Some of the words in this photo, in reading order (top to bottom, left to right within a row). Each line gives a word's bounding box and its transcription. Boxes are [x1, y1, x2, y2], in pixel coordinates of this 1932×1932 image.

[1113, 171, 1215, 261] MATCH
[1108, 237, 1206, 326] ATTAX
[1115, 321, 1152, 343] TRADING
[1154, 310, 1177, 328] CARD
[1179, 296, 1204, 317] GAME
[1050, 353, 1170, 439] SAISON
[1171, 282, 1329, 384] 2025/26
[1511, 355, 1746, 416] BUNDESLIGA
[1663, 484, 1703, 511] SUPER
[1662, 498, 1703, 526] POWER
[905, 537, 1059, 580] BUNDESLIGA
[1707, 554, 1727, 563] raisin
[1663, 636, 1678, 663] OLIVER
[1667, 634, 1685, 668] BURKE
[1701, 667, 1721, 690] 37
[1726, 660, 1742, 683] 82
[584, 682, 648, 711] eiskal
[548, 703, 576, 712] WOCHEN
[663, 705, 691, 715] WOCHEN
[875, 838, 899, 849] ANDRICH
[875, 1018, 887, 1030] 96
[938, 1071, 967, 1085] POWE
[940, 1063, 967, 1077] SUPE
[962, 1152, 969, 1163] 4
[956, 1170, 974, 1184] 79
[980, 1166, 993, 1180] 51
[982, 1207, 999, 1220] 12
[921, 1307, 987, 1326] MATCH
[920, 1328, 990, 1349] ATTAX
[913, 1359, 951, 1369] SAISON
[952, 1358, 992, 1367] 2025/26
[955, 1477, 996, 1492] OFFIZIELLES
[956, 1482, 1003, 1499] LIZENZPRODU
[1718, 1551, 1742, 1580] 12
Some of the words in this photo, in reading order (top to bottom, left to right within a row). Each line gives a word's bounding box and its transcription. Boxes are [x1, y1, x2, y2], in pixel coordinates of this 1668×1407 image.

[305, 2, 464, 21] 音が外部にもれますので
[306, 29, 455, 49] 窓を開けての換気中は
┄┄┄┄┄┄┄┄┄┄┄┄┄┄┄┄┄┄┄┄
* Task directions
Return the lines above, from the one containing "this 1668×1407 image." to the end, exactly as they stand.

* Response area
Some of the words in this photo, in reading order (top to bottom, left to right within a row). Each line gives a word's bounding box and its transcription. Boxes are [x1, y1, x2, y2], in pixel coordinates of this 1668×1407 image.

[305, 2, 464, 21] 音が外部にもれますので
[306, 29, 455, 49] 窓を開けての換気中は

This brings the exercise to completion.